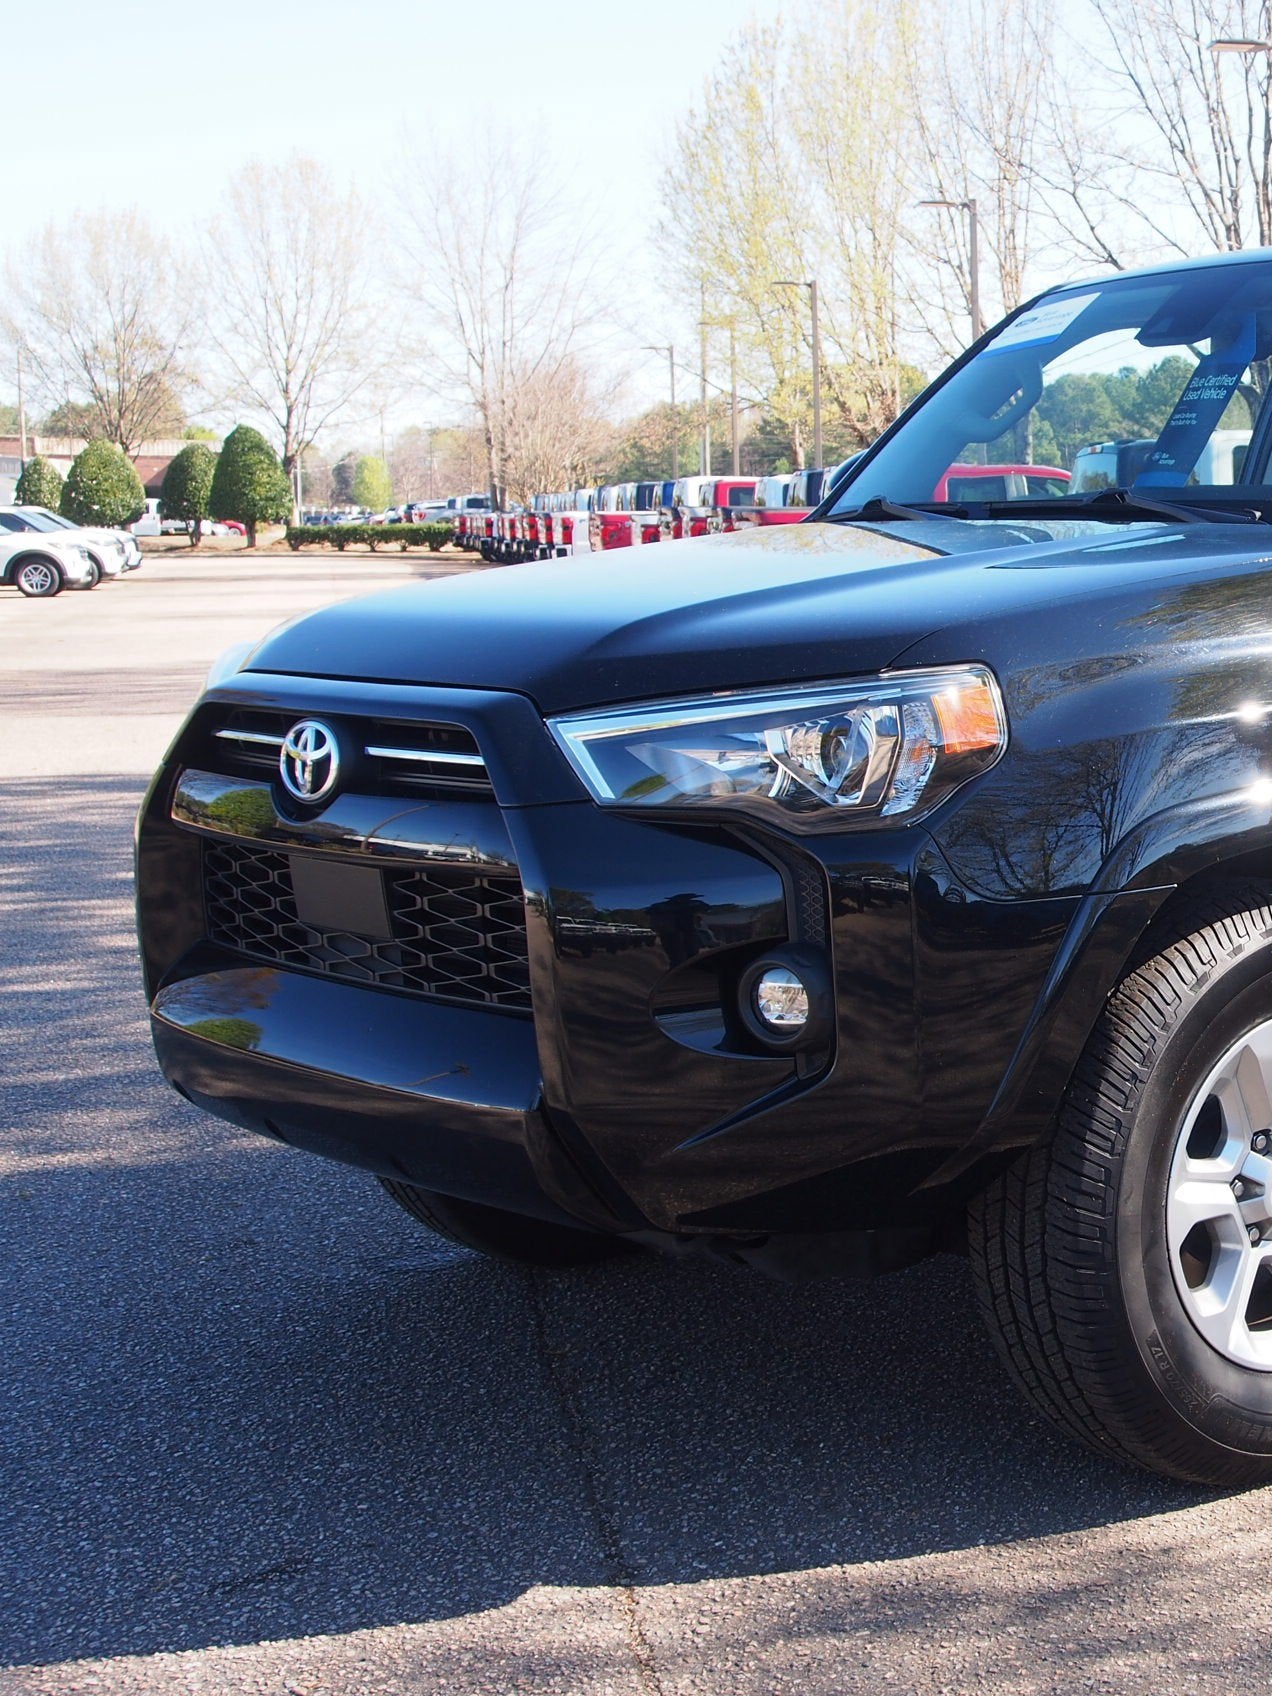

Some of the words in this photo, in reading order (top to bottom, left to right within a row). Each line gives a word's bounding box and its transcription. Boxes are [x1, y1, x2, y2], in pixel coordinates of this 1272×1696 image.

[1205, 374, 1238, 387] Certified
[1183, 389, 1200, 400] Used
[1200, 388, 1227, 399] Vehicle
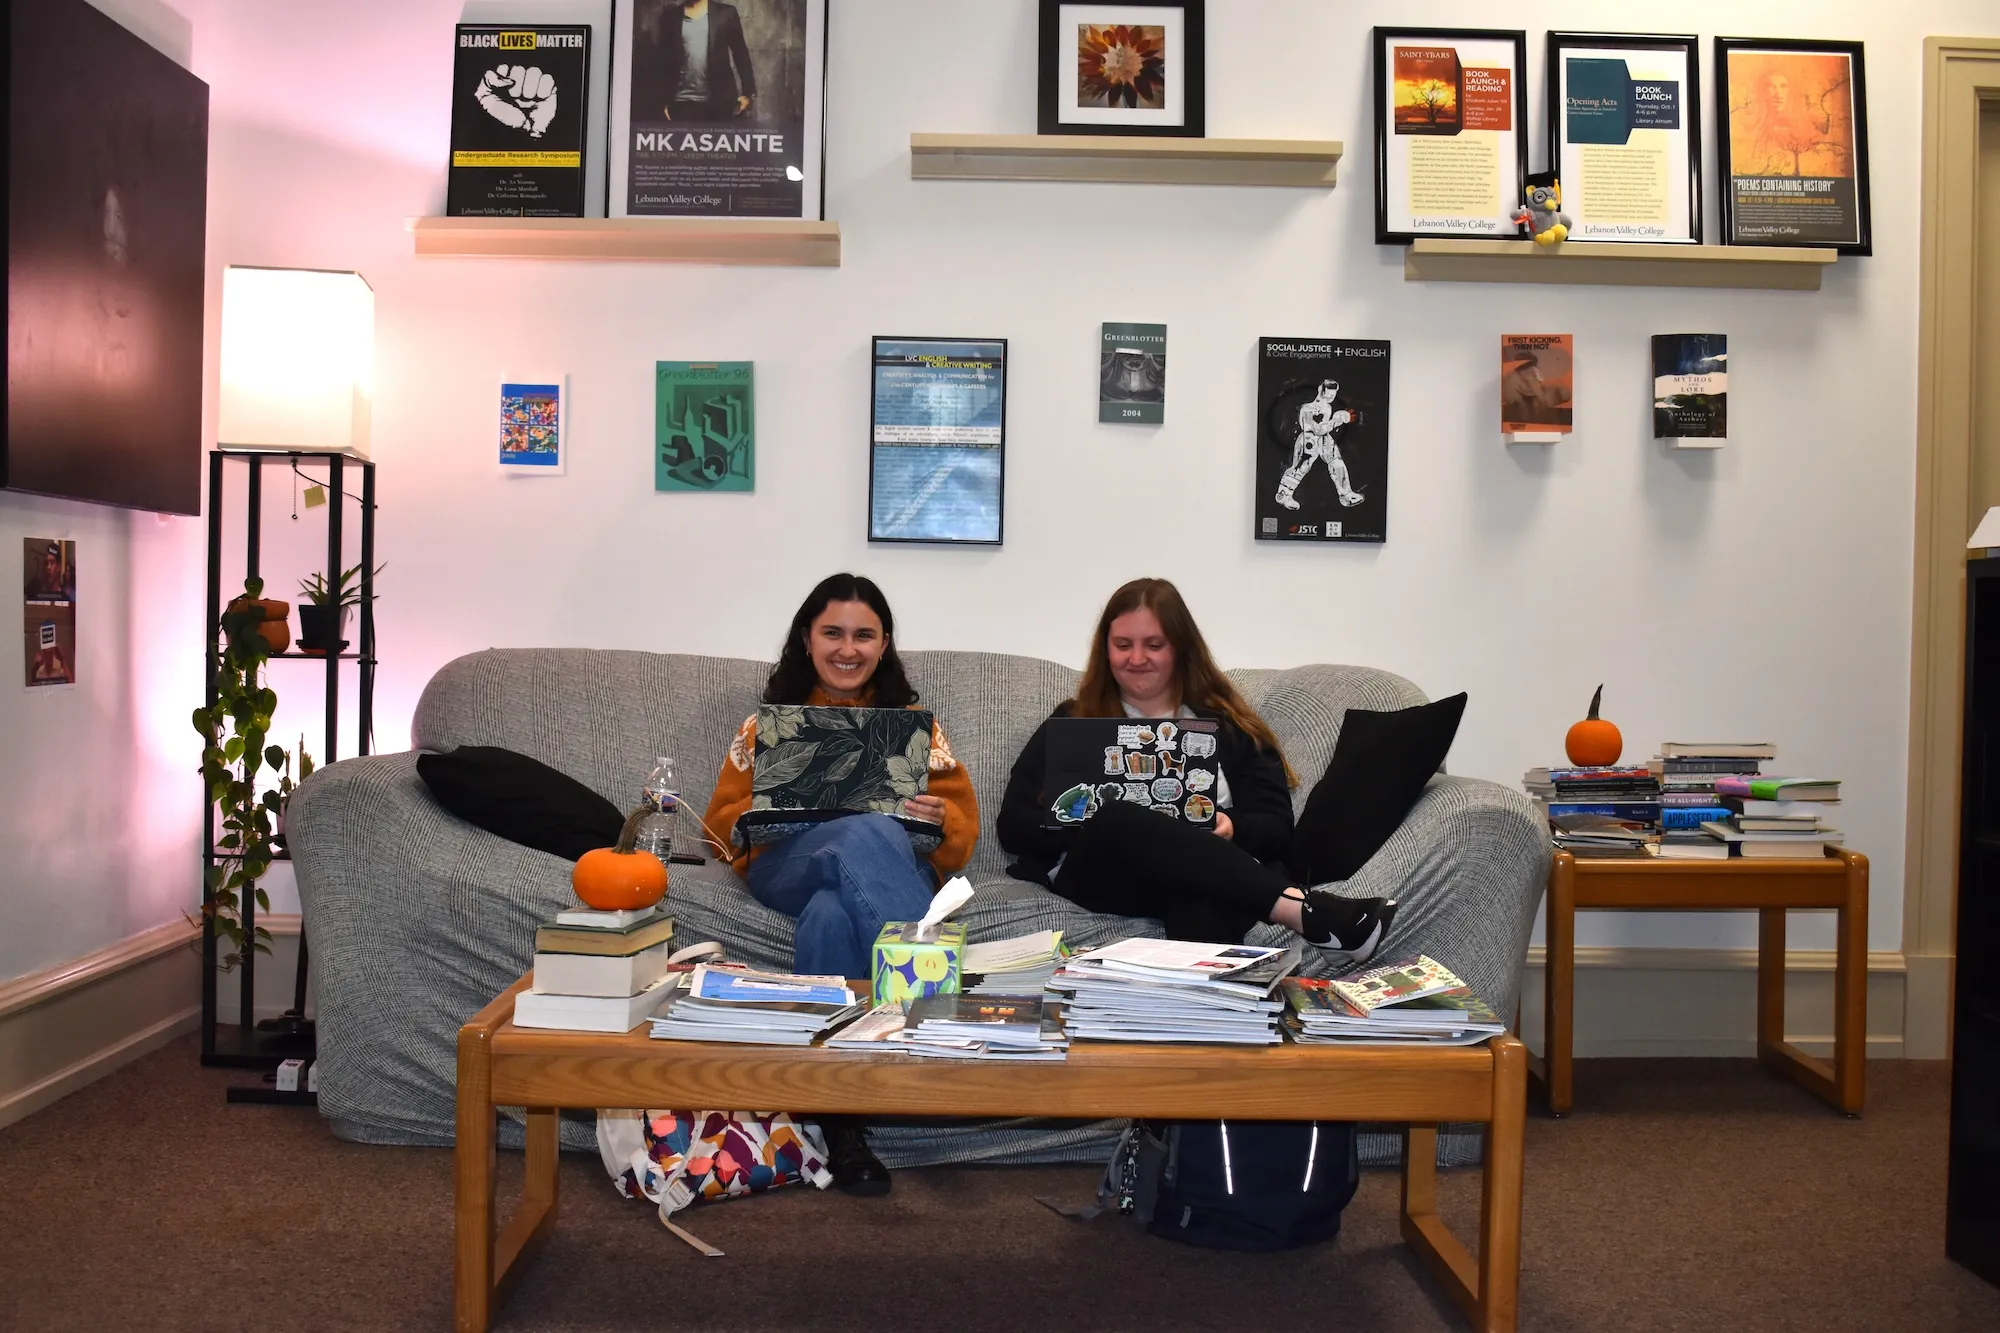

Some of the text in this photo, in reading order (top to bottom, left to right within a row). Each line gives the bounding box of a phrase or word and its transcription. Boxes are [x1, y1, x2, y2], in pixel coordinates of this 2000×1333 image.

[460, 35, 583, 47] BLACK LIVES MATTER
[1399, 51, 1450, 59] SAINT-YBARS
[1567, 97, 1617, 107] Opening Acts
[1635, 93, 1672, 101] LAUNCH
[636, 133, 784, 153] MK ASANTE
[1761, 179, 1801, 191] CONTAINING
[635, 194, 668, 204] Lebanon
[669, 194, 692, 205] Valley
[693, 195, 722, 207] College
[1413, 219, 1496, 230] Lebanon Valley College
[1762, 226, 1778, 234] Valley
[1585, 225, 1665, 236] Lebanon Valley College
[1267, 344, 1297, 352] SOCIAL
[1345, 348, 1386, 357] ENGLISH
[1290, 351, 1331, 360] Engagement
[658, 368, 731, 381] Greenblotter
[1298, 525, 1317, 534] JSTC
[1668, 813, 1712, 825] APPLESEED

## Aim of the exercise
Return the listing unchanged, but drop every picture.

## Result of the exercise
Some of the words in this photo, in reading order (top to bottom, left to right within a row). Each line gives a word's bounding box and its transcription. Boxes are [x1, y1, x2, y2], in pixel coordinates of this 1272×1696 image.

[1205, 374, 1238, 387] Certified
[1183, 389, 1200, 400] Used
[1200, 388, 1227, 399] Vehicle

Some of the text in this photo, in reading order (top to bottom, left to right within a row). Each line gives the bounding box of a phrase or word and its transcription. Boxes are [x1, y1, x2, y2], in pixel coordinates of this 2000×1333 image.

[460, 35, 583, 47] BLACK LIVES MATTER
[1399, 51, 1450, 59] SAINT-YBARS
[1567, 97, 1617, 107] Opening Acts
[1635, 93, 1672, 101] LAUNCH
[636, 133, 784, 153] MK ASANTE
[1761, 179, 1801, 191] CONTAINING
[635, 194, 668, 204] Lebanon
[669, 194, 692, 205] Valley
[693, 195, 722, 207] College
[1413, 219, 1496, 230] Lebanon Valley College
[1762, 226, 1778, 234] Valley
[1585, 225, 1665, 236] Lebanon Valley College
[1267, 344, 1297, 352] SOCIAL
[1345, 348, 1386, 357] ENGLISH
[1290, 351, 1331, 360] Engagement
[658, 368, 731, 381] Greenblotter
[1298, 525, 1317, 534] JSTC
[1668, 813, 1712, 825] APPLESEED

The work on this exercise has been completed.